Copy every line of the records below that holds the word "ВОДИТЕЛЕЙ".

*** Opening of Dataset extract ***

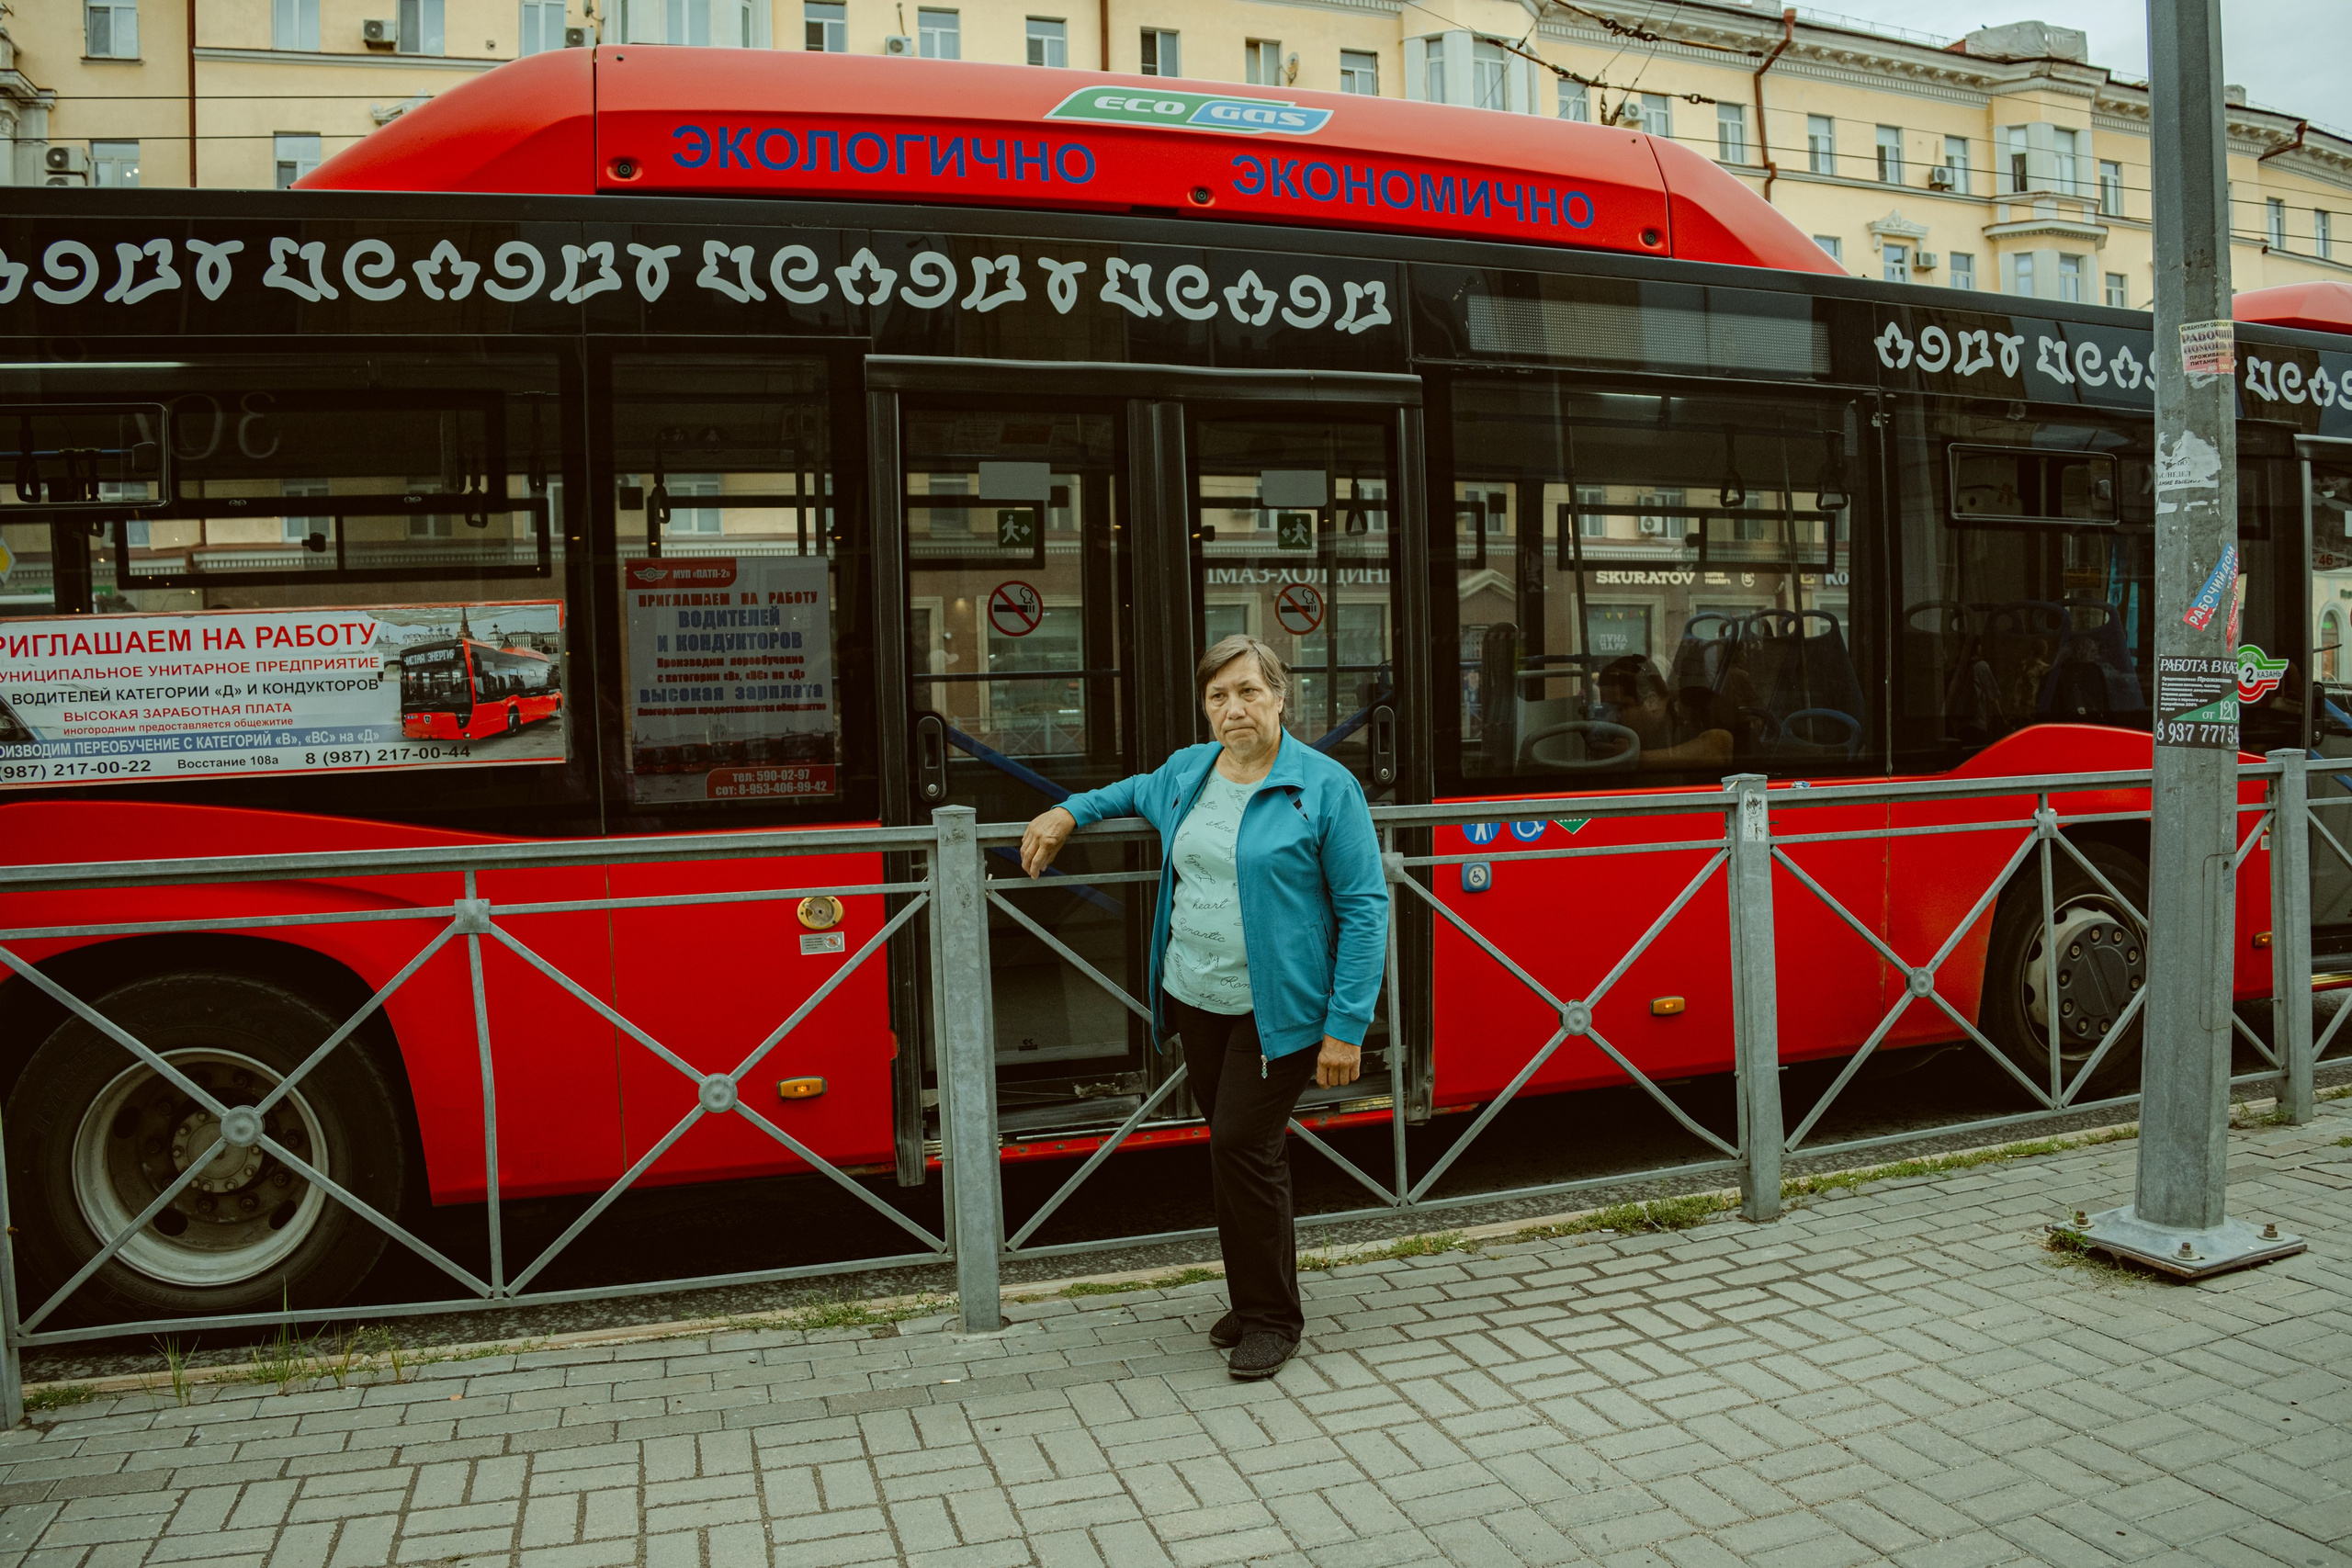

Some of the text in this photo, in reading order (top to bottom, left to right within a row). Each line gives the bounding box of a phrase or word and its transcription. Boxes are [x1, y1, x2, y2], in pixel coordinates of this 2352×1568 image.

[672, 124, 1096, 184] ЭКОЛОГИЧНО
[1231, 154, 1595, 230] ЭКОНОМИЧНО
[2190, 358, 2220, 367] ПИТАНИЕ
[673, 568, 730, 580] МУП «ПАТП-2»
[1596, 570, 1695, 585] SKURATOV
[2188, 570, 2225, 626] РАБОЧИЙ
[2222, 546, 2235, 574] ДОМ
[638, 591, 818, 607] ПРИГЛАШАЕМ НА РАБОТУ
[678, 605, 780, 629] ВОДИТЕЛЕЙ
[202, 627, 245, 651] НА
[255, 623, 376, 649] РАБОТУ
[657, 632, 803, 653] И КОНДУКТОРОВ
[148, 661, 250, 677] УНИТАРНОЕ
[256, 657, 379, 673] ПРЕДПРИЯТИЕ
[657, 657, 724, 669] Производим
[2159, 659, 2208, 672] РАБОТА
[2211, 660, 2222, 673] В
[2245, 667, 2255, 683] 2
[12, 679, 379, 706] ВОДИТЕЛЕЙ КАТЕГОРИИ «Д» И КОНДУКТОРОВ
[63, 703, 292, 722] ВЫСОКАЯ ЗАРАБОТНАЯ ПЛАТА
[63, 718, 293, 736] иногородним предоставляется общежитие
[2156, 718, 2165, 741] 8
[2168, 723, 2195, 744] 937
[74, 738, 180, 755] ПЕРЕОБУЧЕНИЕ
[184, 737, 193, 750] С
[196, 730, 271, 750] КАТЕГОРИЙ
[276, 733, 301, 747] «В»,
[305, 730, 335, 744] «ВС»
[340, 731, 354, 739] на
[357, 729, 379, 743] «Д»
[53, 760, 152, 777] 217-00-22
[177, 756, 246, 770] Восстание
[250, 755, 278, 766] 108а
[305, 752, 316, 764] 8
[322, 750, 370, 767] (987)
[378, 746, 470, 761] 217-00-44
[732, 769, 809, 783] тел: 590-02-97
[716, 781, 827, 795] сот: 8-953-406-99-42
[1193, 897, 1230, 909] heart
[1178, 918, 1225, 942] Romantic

*** Close of Dataset extract ***

Task output:
[678, 605, 780, 629] ВОДИТЕЛЕЙ
[12, 679, 379, 706] ВОДИТЕЛЕЙ КАТЕГОРИИ «Д» И КОНДУКТОРОВ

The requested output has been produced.